DOWN in London though things were a bit posher. Liz Buckley was at a bus-stop in fashionable Stoke Newington where she heard a couple heading home on Friday night discuss Hallowe'en. "We don't have any sweets do we?" said the chap, presumably anticipating young people calling at their door. "We could offer them something from the cheeseboard" his partner suggested.
MANY folk were also shocked that it is now November, fearing that snow and Christmas shopping is just around the corner. A reader in Glasgow heard one chap remark yesterday: "Aye the first of November the day. Or as it's known in the supermarket trade, the backside has fallen out of the pumpkin trade so knock them out for a quid day."
IN the fitba in England, Chelsea manager Jose Mourinho is coming in for some stick after his misfiring side was soundly defeated by Liverpool to leave them in the bottom third of the league. As comedy writer Sanjeev Kohli declared: "All the Mourinho-haters won't be laughing when he comes back next year and wins the Championship.
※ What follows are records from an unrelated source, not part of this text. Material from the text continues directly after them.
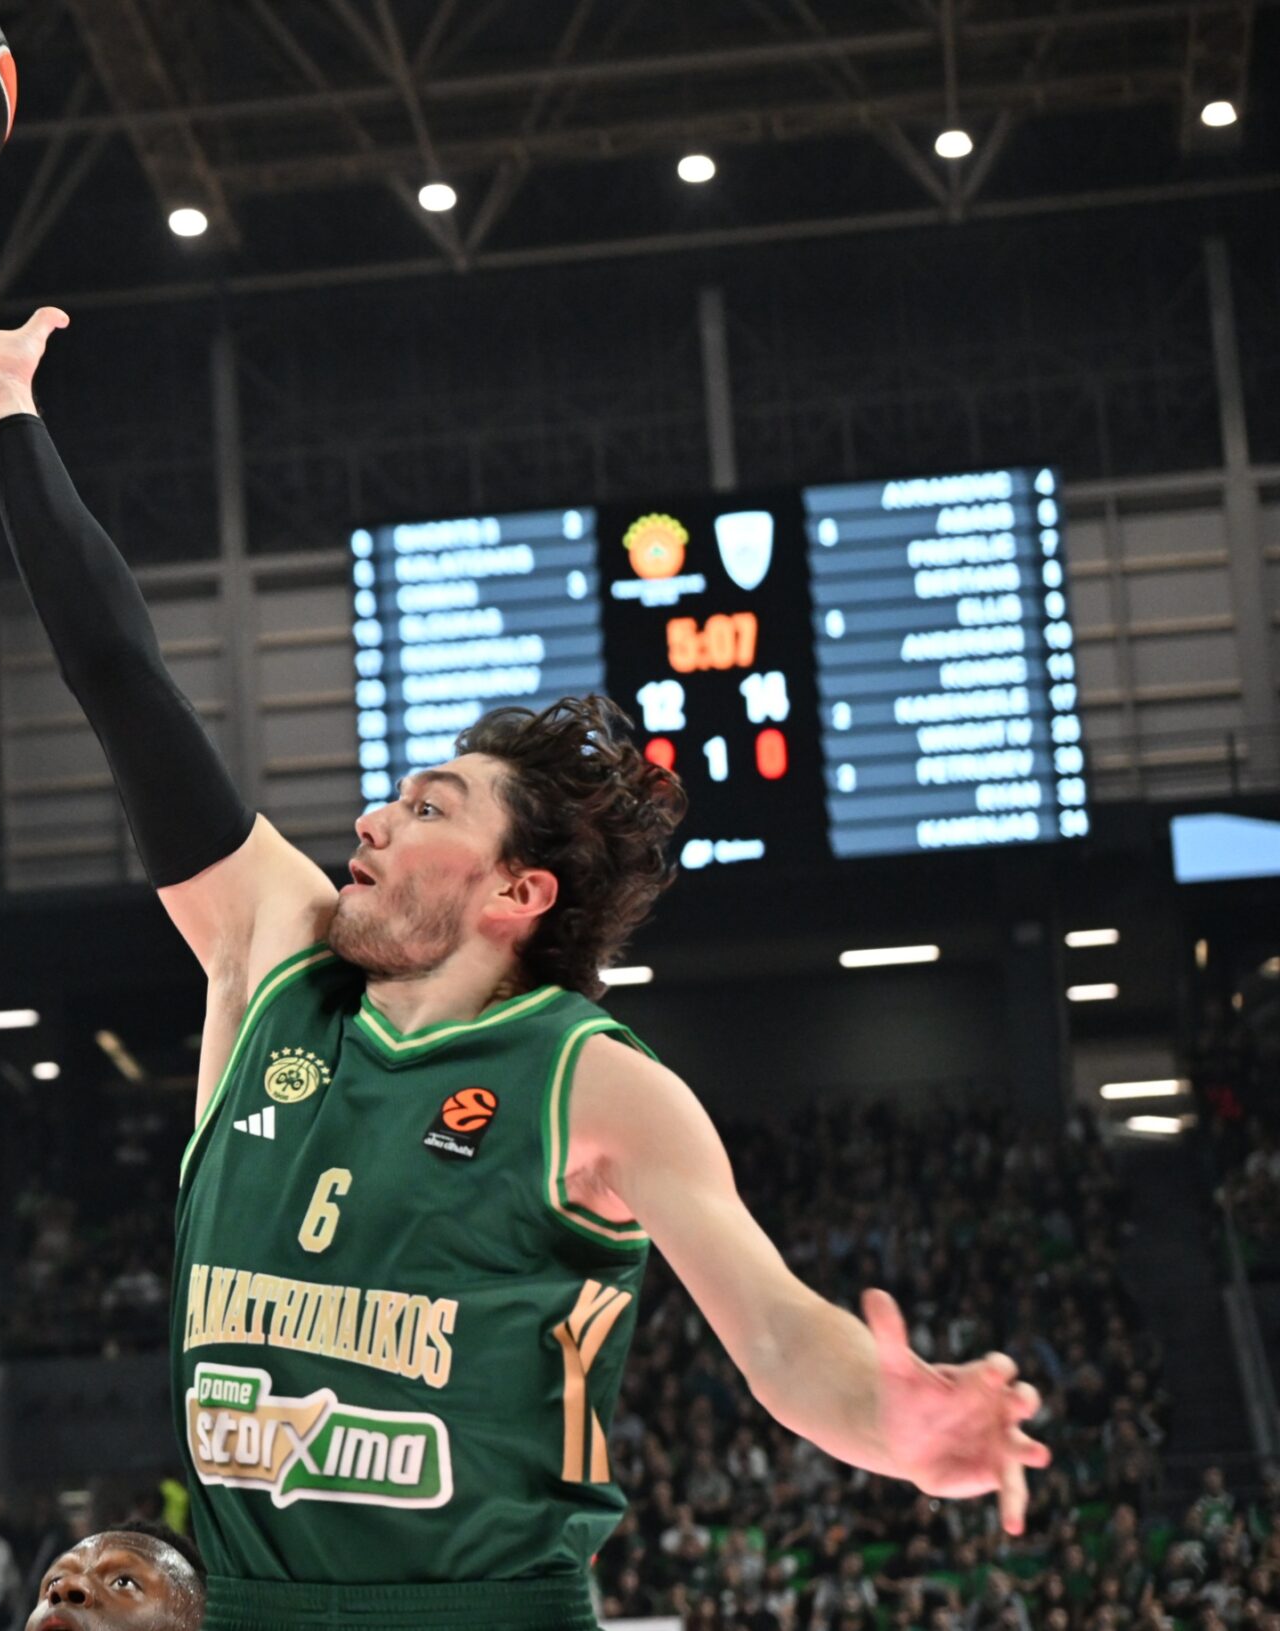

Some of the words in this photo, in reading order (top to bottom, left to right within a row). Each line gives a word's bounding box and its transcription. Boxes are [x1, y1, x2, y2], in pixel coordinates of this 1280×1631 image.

[666, 612, 758, 672] 5:07
[636, 680, 686, 732] 12
[703, 736, 728, 782] 1
[297, 1167, 353, 1253] 6
[199, 1376, 253, 1405] pame
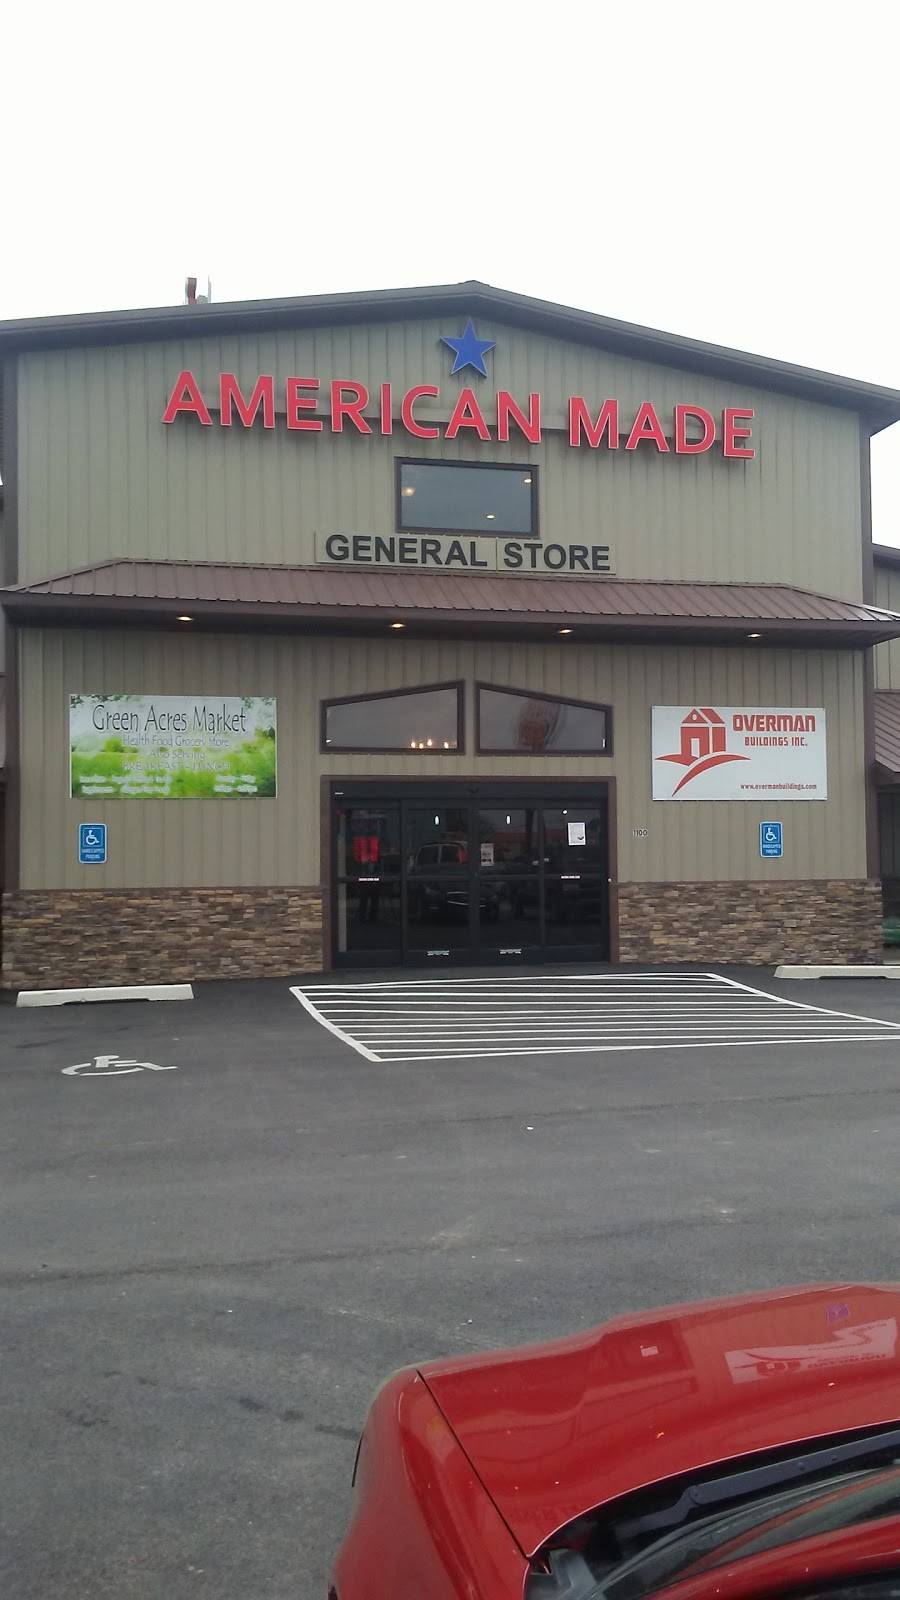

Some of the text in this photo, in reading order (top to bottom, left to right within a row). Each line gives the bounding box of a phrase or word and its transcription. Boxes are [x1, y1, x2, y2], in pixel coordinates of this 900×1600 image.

A READER was at a social club meeting at Inchinnan Community Centre when a fellow attendee was talking about his recent operation in Paisley's Royal Alexandra Hospital. "What was the worst part about it?" someone asked. "I'd say the worst part of the whole thing was being driven up and doon to the hospital by my dear wife," he bravely replied.
WE mentioned the poor technology on planes which meant the windows did not line up with the seats. Rachel Martin in Musselburgh contributes: "I never leave a plane without the thought, 'Millions of pounds of technology, computing and engineering and how do we know it's safe to exit the aircraft? A bloke runs up the steps and knocks on the door'."
QUESTIONS to public speakers continued. Says Carol Johnston in Ayr: "When I was a young teacher, starting my teacher training year at Jordanhill, I was having my first observed lesson and was desperate to make a good impression on the rather stern tutor who was making copious notes at the back of the classroom. I was teaching a poem and trying hard to make the lesson lively and interesting. When I stopped to ask for questions, the class fell silent for what seemed like an eternity. In growing desperation I began to raise my voice and said, 'Come on! Someone must have a question! You can ask me anything!'
"To which a young girl shouted out, 'Miss, have you had a wee bit off your fringe?'”
AND finally our favourite daft gag from Hallowe'en. "Doctor, doctor - I keep making people think I'm about to tell them a joke."